━━━ Records for this exercise
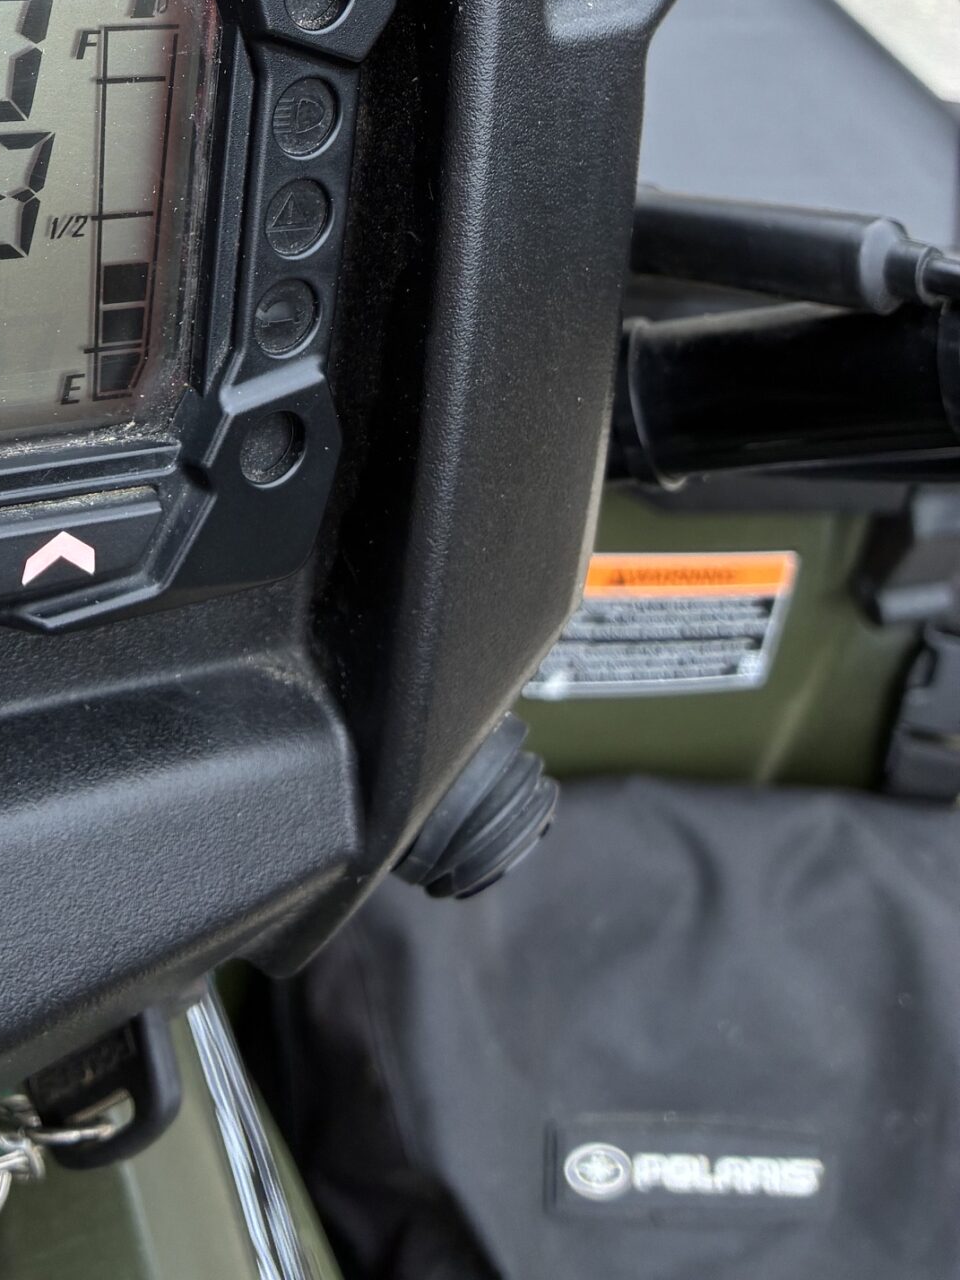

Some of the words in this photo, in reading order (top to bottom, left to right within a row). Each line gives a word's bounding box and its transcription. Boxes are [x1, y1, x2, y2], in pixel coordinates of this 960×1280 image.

[76, 29, 102, 60] F
[49, 215, 89, 240] 1/2
[62, 373, 86, 404] E
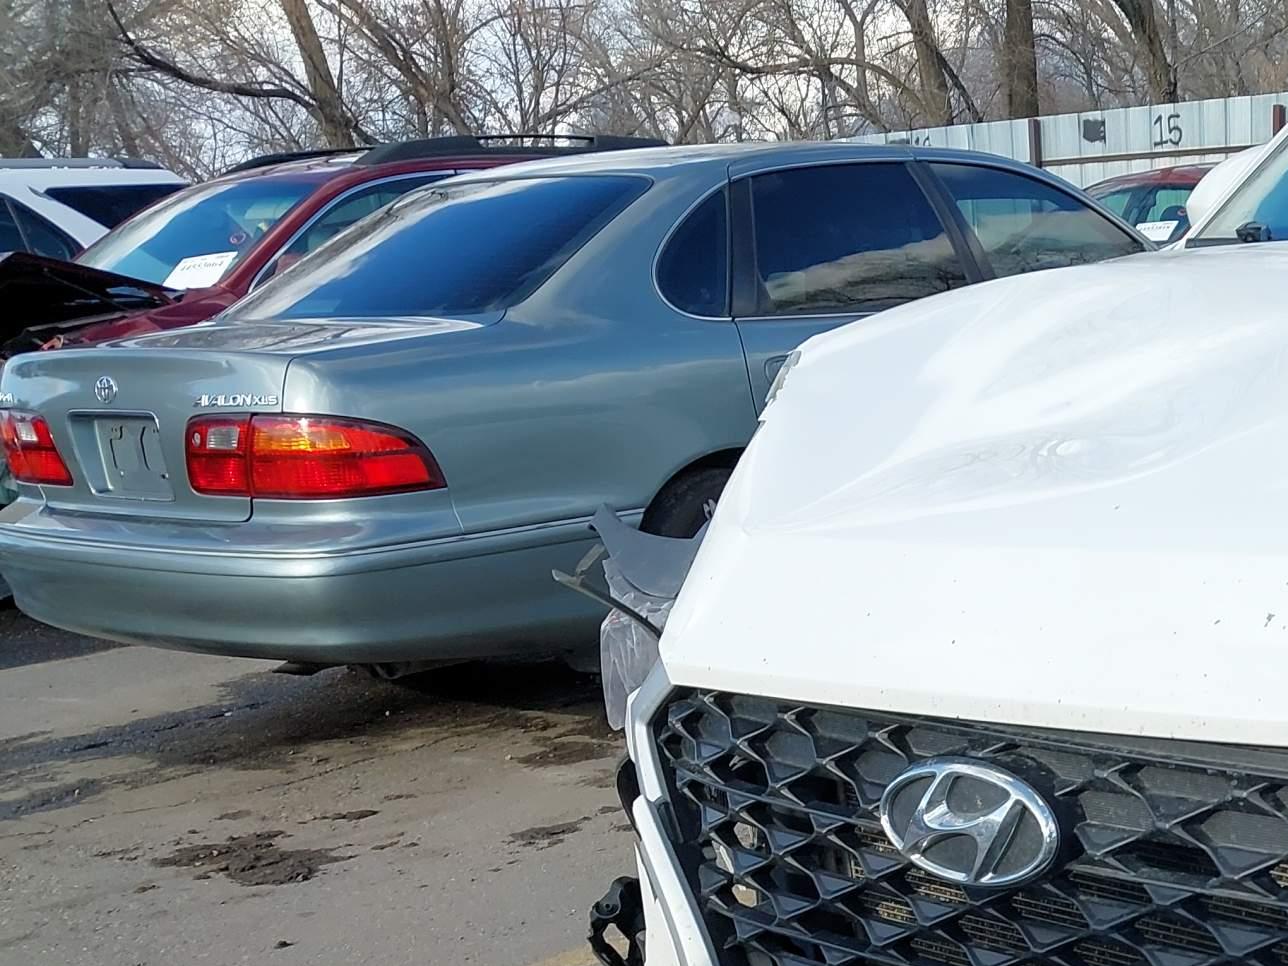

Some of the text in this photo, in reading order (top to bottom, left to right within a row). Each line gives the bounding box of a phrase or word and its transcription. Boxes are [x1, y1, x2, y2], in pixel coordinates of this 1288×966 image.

[1152, 112, 1183, 148] 15
[194, 393, 279, 407] AVALON XLS
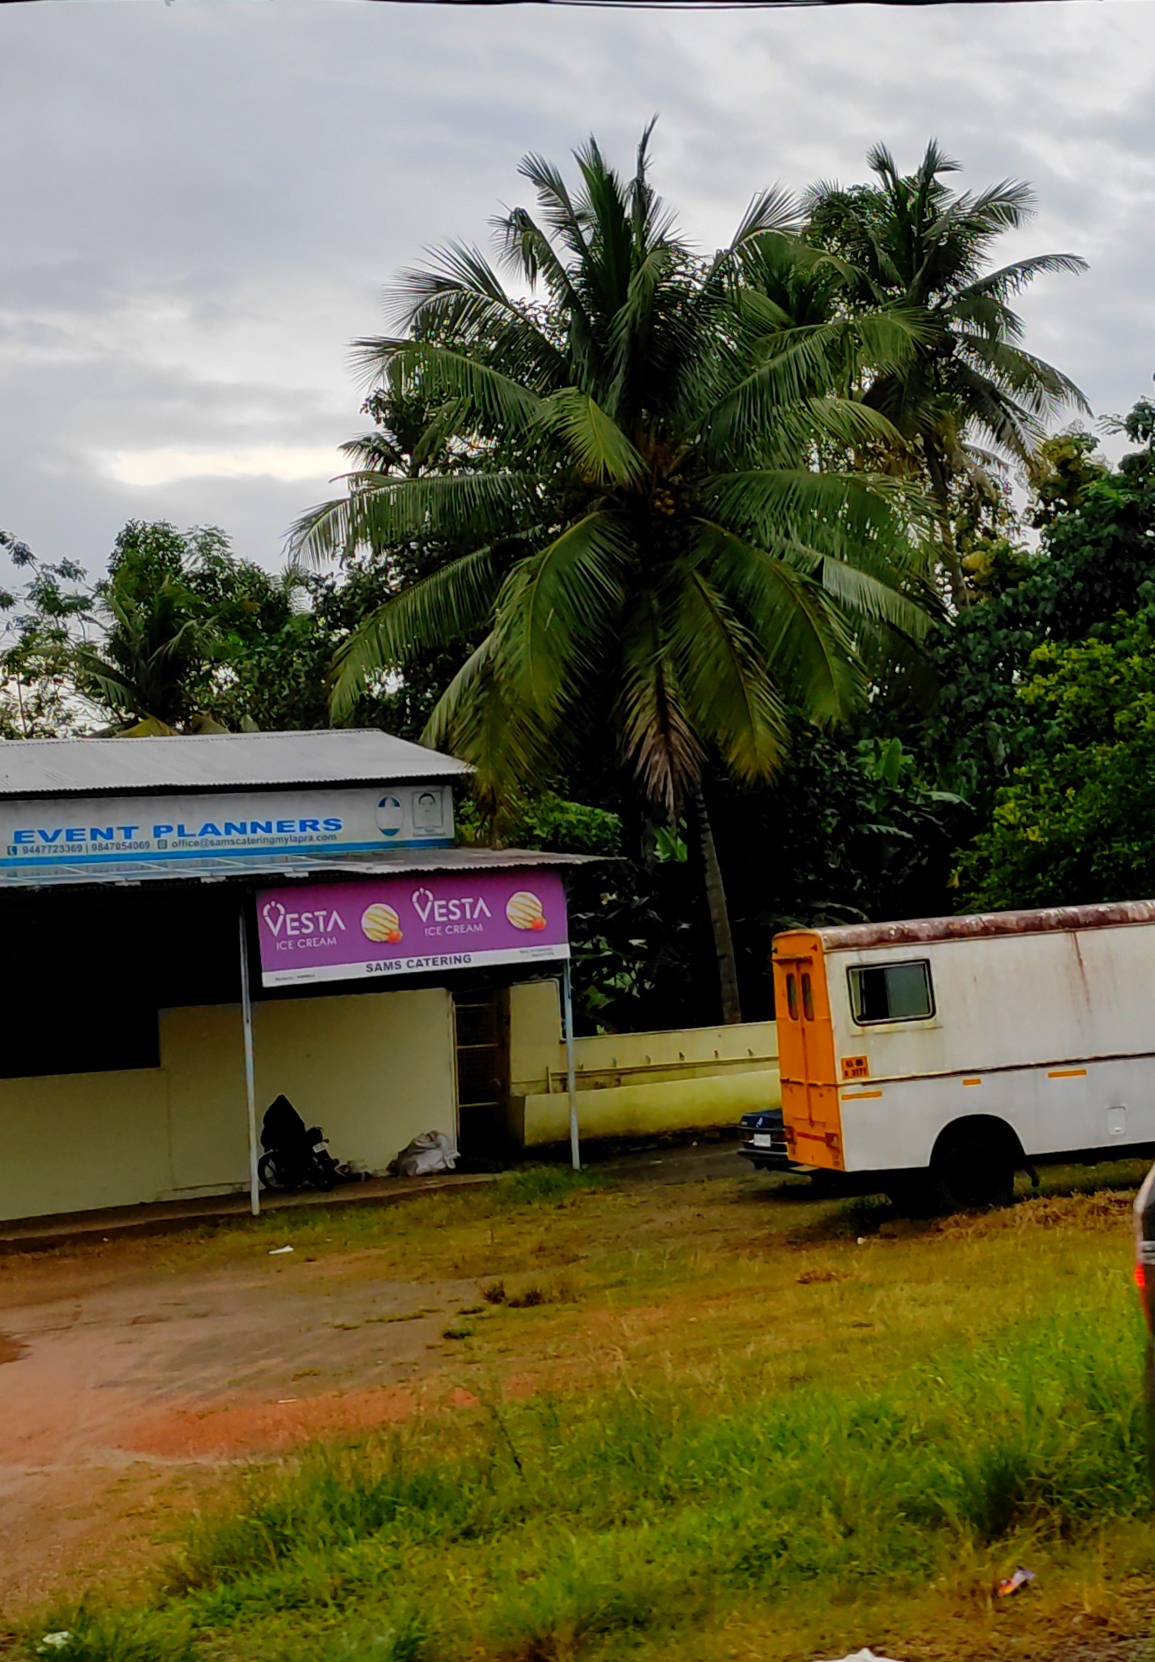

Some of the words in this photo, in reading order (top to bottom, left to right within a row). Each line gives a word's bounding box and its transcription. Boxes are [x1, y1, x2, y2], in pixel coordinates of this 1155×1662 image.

[13, 826, 140, 844] EVENT
[152, 817, 343, 838] PLANNERS
[412, 887, 493, 923] VESTA
[262, 901, 346, 937] VESTA
[424, 926, 442, 937] ICE
[445, 923, 484, 934] CREAM
[276, 940, 294, 951] ICE
[297, 936, 338, 949] CREAM
[365, 960, 402, 974] SAMS
[406, 954, 472, 969] CATERING
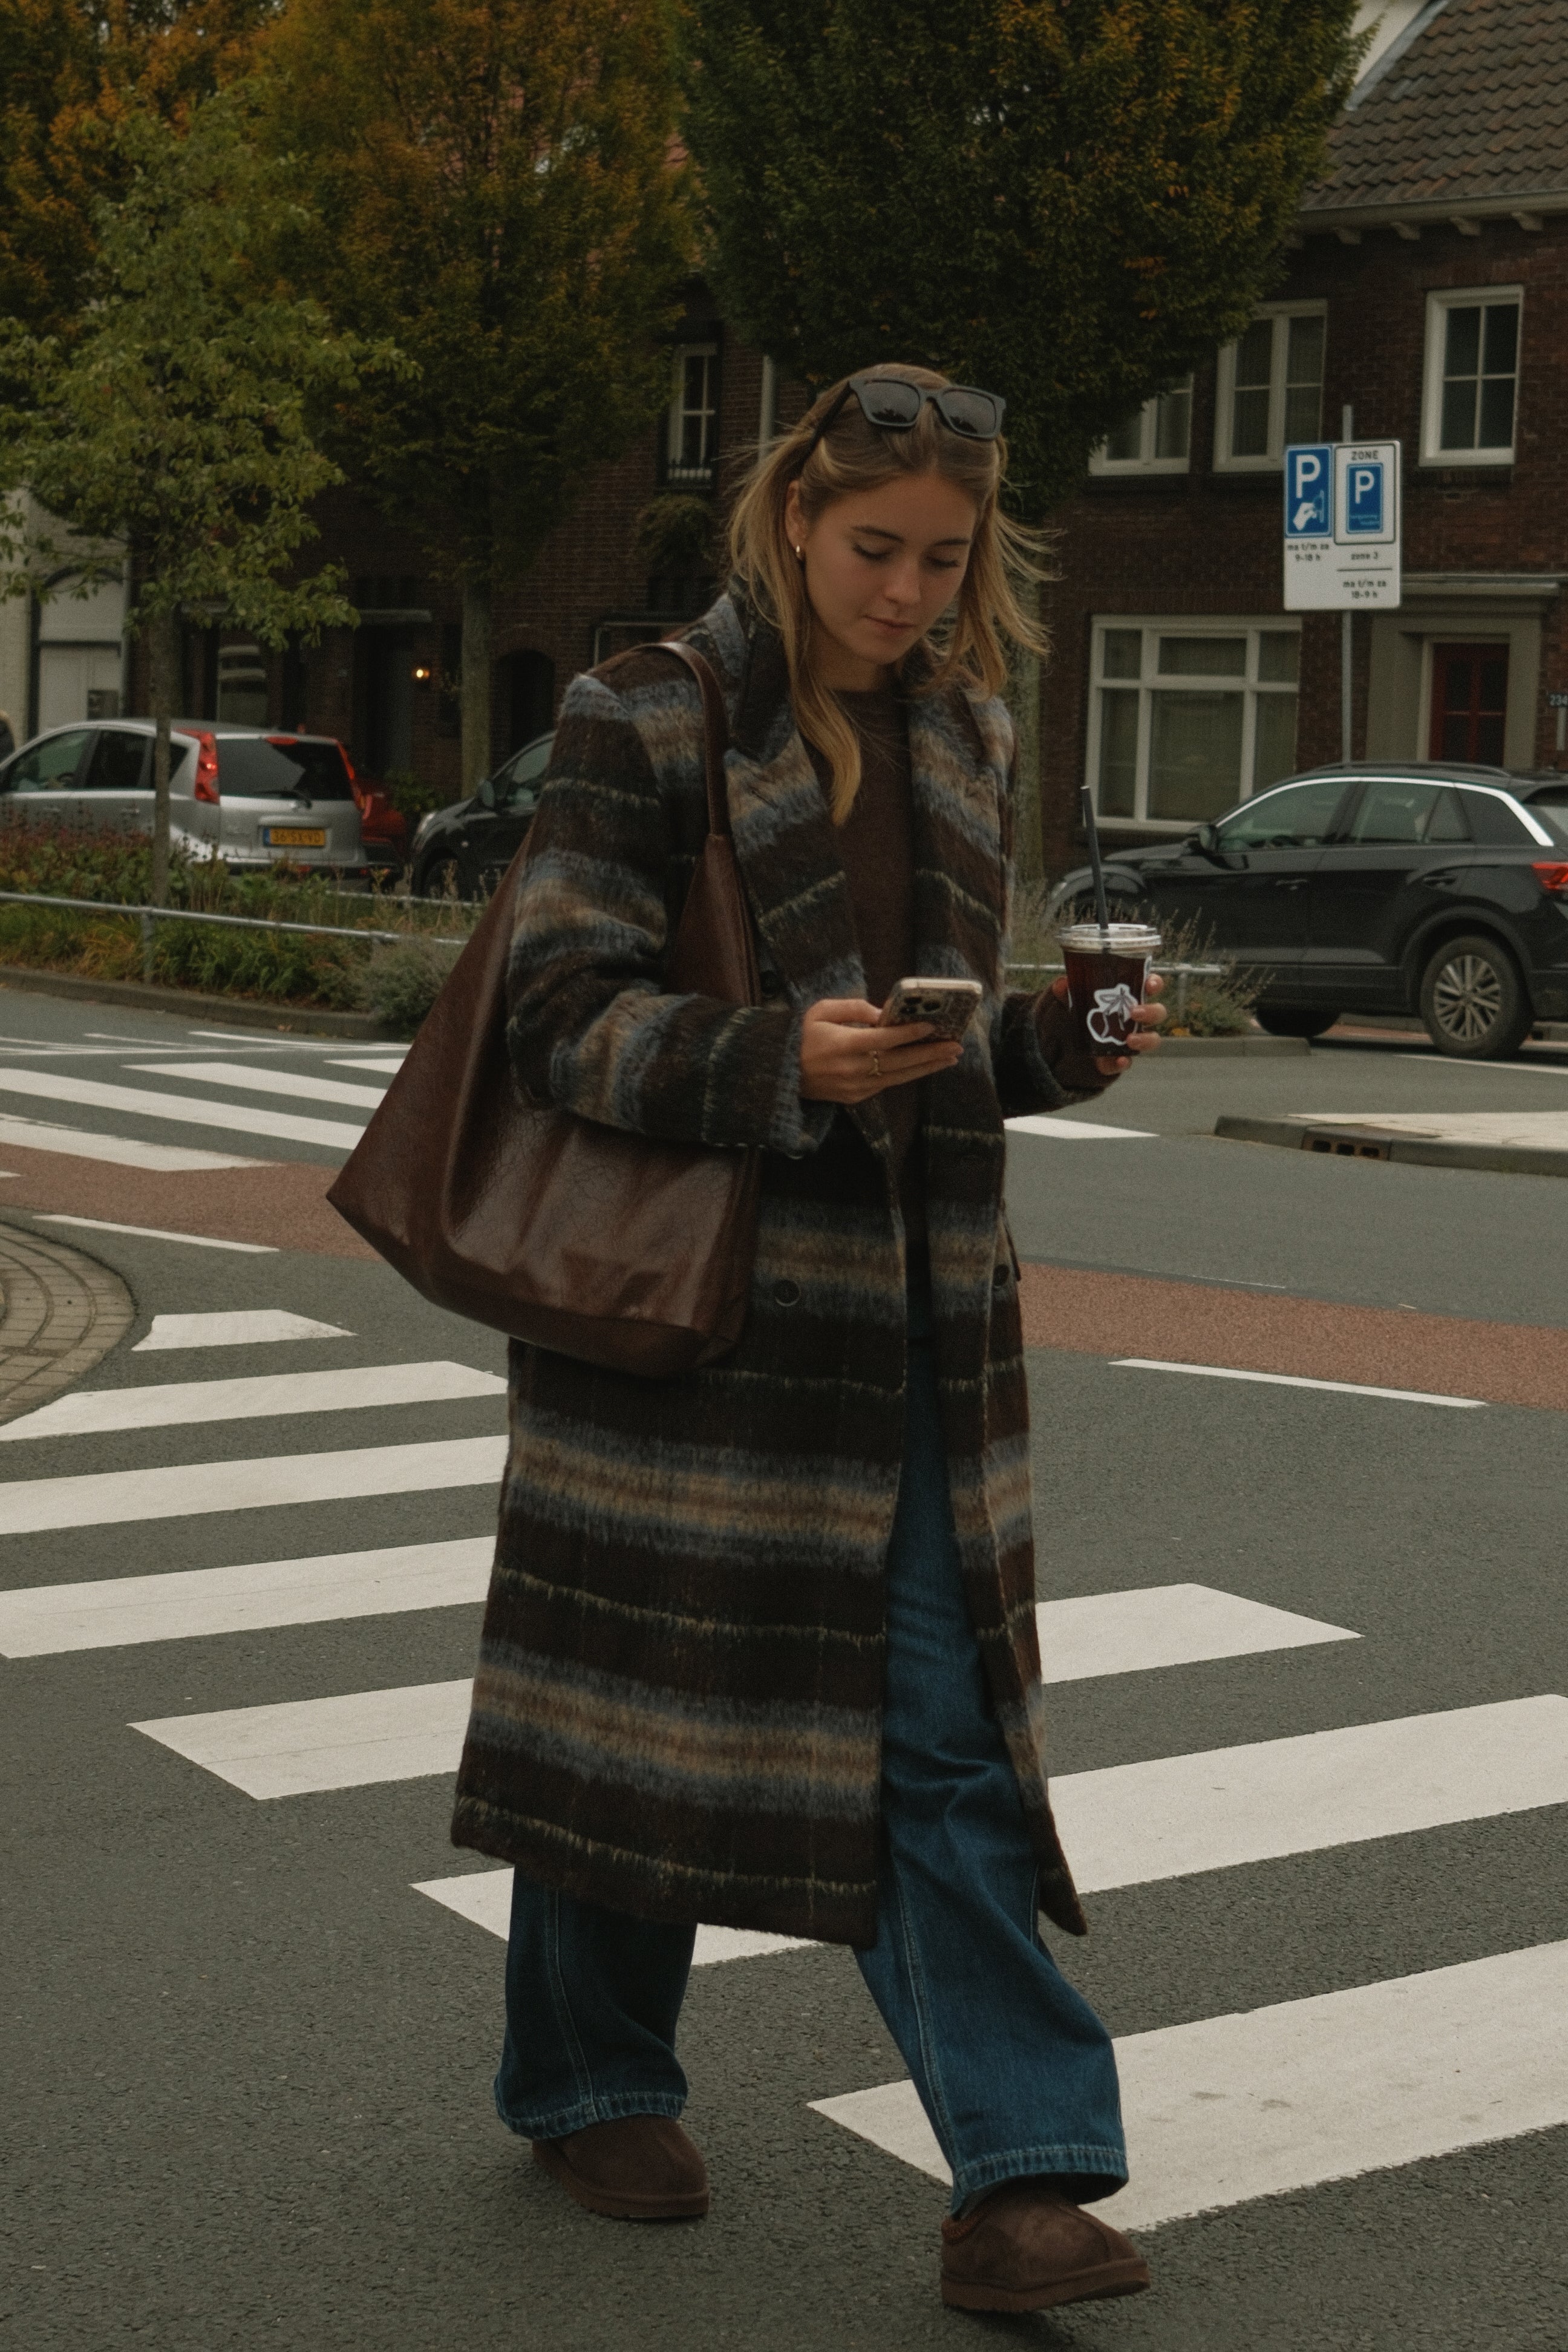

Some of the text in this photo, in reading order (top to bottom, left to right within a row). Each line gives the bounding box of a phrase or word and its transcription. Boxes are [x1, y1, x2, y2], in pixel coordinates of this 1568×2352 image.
━━━━━━
Any picture found in the data is to be skipped while the rest is copied exactly.

#### [Task answer]
Some of the words in this photo, in reading order (top to bottom, left to right within a row). Each line gives a word's bounding box and its transcription. Boxes are [x1, y1, x2, y2], in pixel coordinates of this 960×1280 image.

[76, 29, 102, 60] F
[49, 215, 89, 240] 1/2
[62, 373, 86, 404] E

Some of the text in this photo, in reading order (top to bottom, left to right within a row). Each line gives the bounding box of a phrase or word and its transcription. Boxes are [x1, y1, x2, y2], in pixel coordinates of this 1288×966 image.

[1152, 112, 1183, 148] 15
[194, 393, 279, 407] AVALON XLS

Some of the words in this photo, in reading order (top to bottom, left to right within a row). Each line gives a word's bounding box and its transcription. Boxes are [x1, y1, x2, y2], in pixel coordinates of this 1155×1662 image.

[13, 826, 140, 844] EVENT
[152, 817, 343, 838] PLANNERS
[412, 887, 493, 923] VESTA
[262, 901, 346, 937] VESTA
[424, 926, 442, 937] ICE
[445, 923, 484, 934] CREAM
[276, 940, 294, 951] ICE
[297, 936, 338, 949] CREAM
[365, 960, 402, 974] SAMS
[406, 954, 472, 969] CATERING

Some of the text in this photo, in reading order (top to bottom, left to right within a row). Each line gives the bounding box of a phrase or word and its transcription. Boxes are [x1, y1, x2, y2], in pixel coordinates of this 1568×2352 image.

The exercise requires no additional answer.